Ashleigh Whiffin, Assistant Curator of Entomology at National Museums Scotland, with a female Conehead Mantis (Empusa pennata) in Sierras de Cazorla, Spain.

As Assistant Curator of Entomology, around 90% of my time each year is spent working with preserved insect specimens within the walls of the National Museums Collection Centre. Fieldwork is a total contrast from my usual working environment and is something I always look forward to. For the last two field seasons I have been very fortunate to join a team of other entomologists in the Natural Park of Sierras de Cazorla in the Jaén province of Spain. The park is Spain’s largest protected area and is a place of exceptional ecological importance.  

Back in May 2018, I joined colleagues from The Malloch Society and Alicante University’s Institute of Biodiversity (CBIO), including former NMS Pelham-Clinton research fellow, Dr Antonio Ricarte, for our first visit to the park.  The aim of the trip was to contribute to the list of insect species known from the area, and our special focus was to investigate the Diptera – ‘true flies’ – of the region.

The Malloch Society & colleagues from CIBIO (2018).  
From left to right: Geoff Wilkinson, Dr Graham Rotheray, Dr Eduardo Galante, Dr Mª Ángeles Marcos-García, Ashleigh Whiffin, Geoff Hancock, Ken Watt, Dr Zorica Nedeljković, Dr Antonio Ricarte, David Horsfield, Stephen Hewitt & Dr Vladimir Blagoderov. 

Last June I returned to Sierras de Cazorla with a smaller team of Malloch members and continued our investigation. We visited new areas of the park and this time we were fortunate to meet with Dr Carlos Herrera, who has been studying plant-pollinator interactions in the area for over 20 years. Visiting three weeks later than the previous year, there was a huge difference in the temperature, vegetation and therefore the types of insects we were finding.

One of the hazards of fieldwork are the biting insects and, of course – ticks! Long trousers tucked into socks is a standard to protect against tick bites, but vigilance is also key. Female horse-flies are also voracious blood-feeders, but did you know that the males don’t feed on blood? They instead feed on nectar or pollen and many have incredible, colourful eyes. They’re holoptic, meaning that the eyes meet at the top of the head, as seen below.

The days can be very long (and sticky) but being surrounded by such incredibly knowledgeable colleagues and having the opportunity to learn from them, in the field, is just brilliant. More importantly, fieldwork is a vital element of our work, enabling us to develop the collection and our specific research interests. Collecting voucher specimens (a preserved specimen that serves as a point of reference) is essential to achieve correct identifications of the insects.  

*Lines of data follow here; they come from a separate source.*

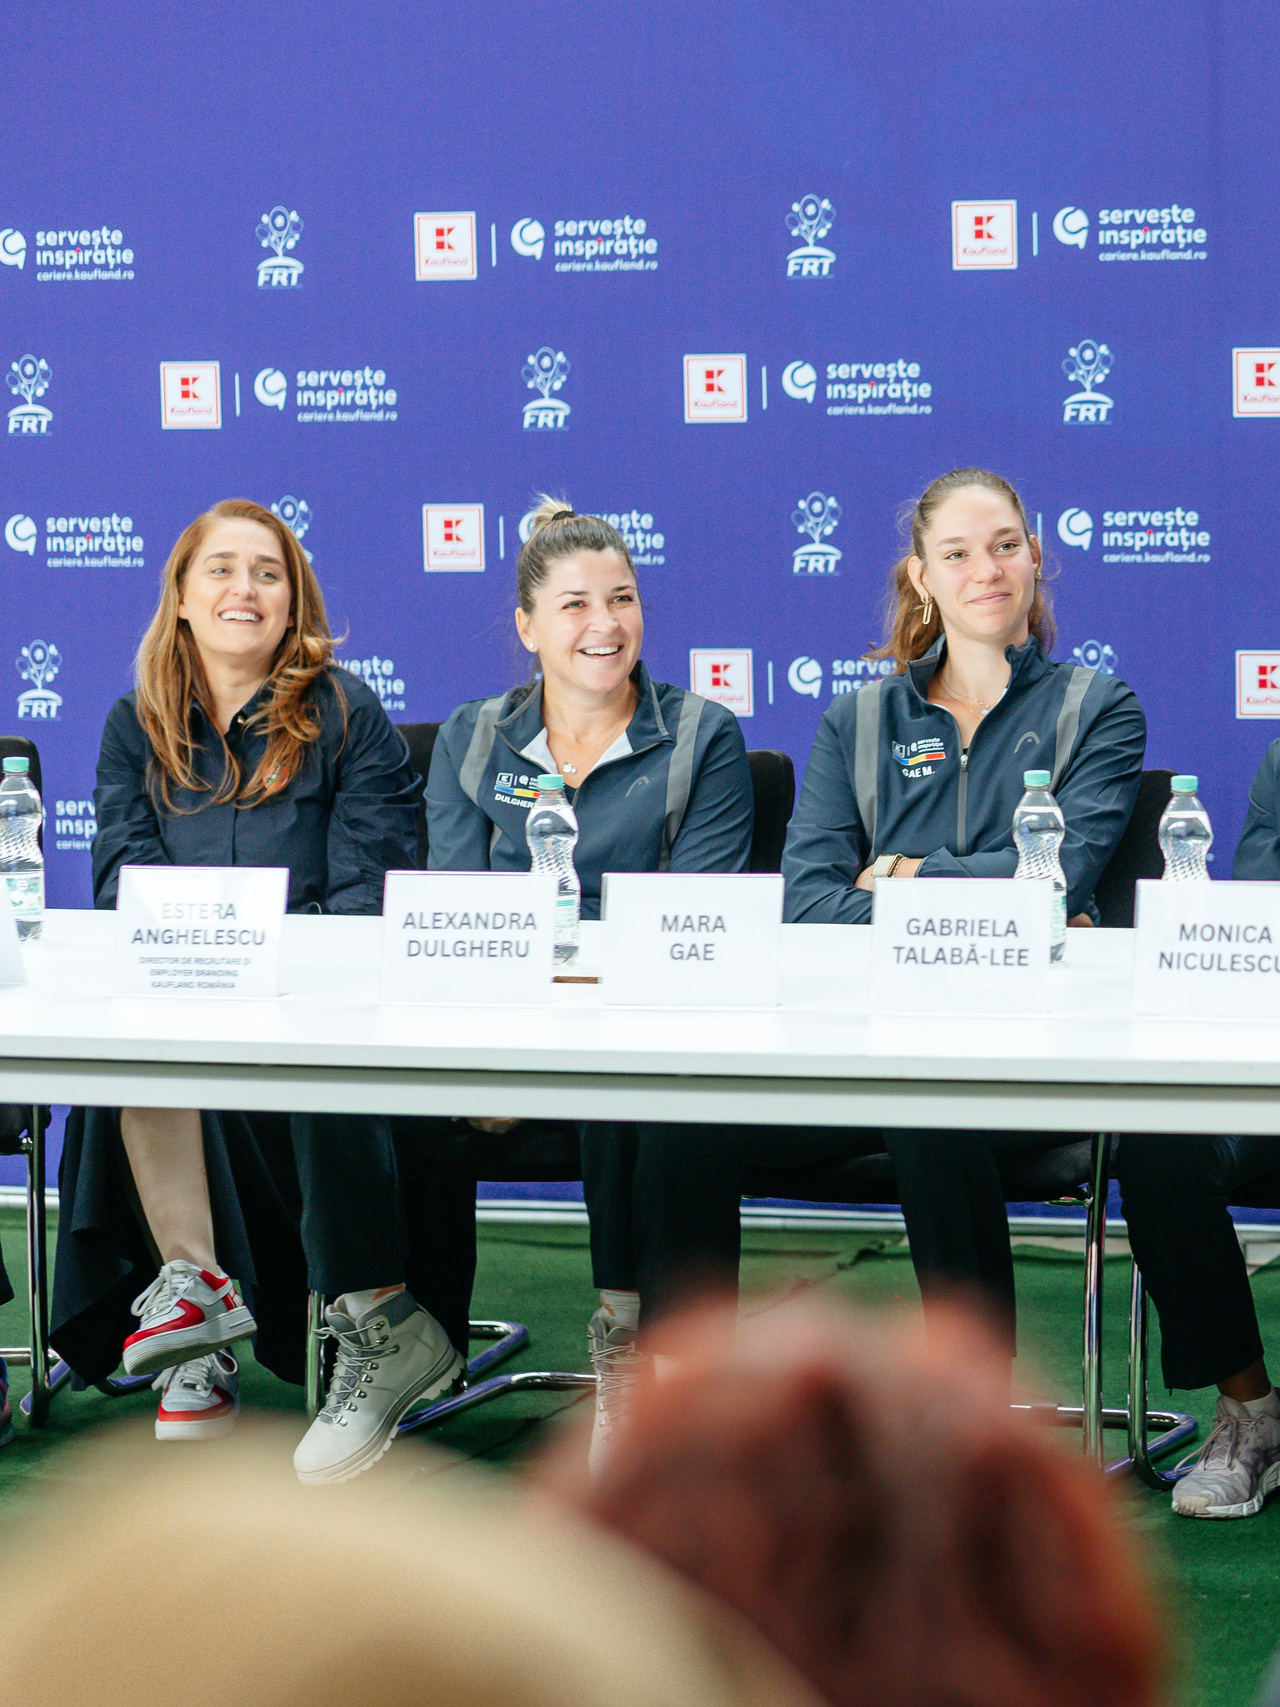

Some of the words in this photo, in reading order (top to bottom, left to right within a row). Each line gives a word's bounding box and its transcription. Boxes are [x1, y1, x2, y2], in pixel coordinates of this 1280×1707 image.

[973, 215, 995, 240] K
[435, 227, 455, 251] K
[1099, 247, 1207, 261] cariere.kaufland.ro
[786, 258, 836, 276] FRT
[257, 269, 304, 286] FRT
[704, 369, 725, 393] K
[1254, 362, 1276, 387] K
[180, 376, 199, 400] K
[523, 411, 571, 428] FRT
[1063, 404, 1114, 422] FRT
[8, 417, 53, 433] FRT
[443, 519, 462, 542] K
[793, 556, 842, 573] FRT
[1103, 549, 1210, 563] cariere.kaufland.ro
[710, 663, 731, 687] K
[1257, 664, 1279, 690] K
[17, 702, 63, 718] FRT
[902, 767, 922, 778] GAE
[494, 793, 534, 809] DULGHER
[161, 902, 238, 920] ESTERA
[402, 911, 537, 931] ALEXANDRA
[660, 914, 727, 933] MARA
[906, 917, 1019, 938] GABRIELA
[131, 928, 266, 946] ANGHELESCU
[1178, 922, 1273, 945] MONICA
[406, 939, 530, 959] DULGHERU
[669, 942, 715, 962] GAE
[893, 944, 1030, 968] TALABĂ-LEE
[149, 968, 194, 977] EMPLOYER
[150, 981, 195, 989] KAUFLAND

Only a very limited number of species can be recognised in the field or from photographs. Most require examination under a microscope, and many must be dissected. All the specimens I collected have now been mounted and labelled, and I am now working my way through the identifications. This can be a very lengthy process and we don’t have all the in-house expertise to cover all the groups collected, so some specimens may be examined by other specialists. Ultimately, all this knowledge will be pulled together and the list of species we have found passed on to the park.  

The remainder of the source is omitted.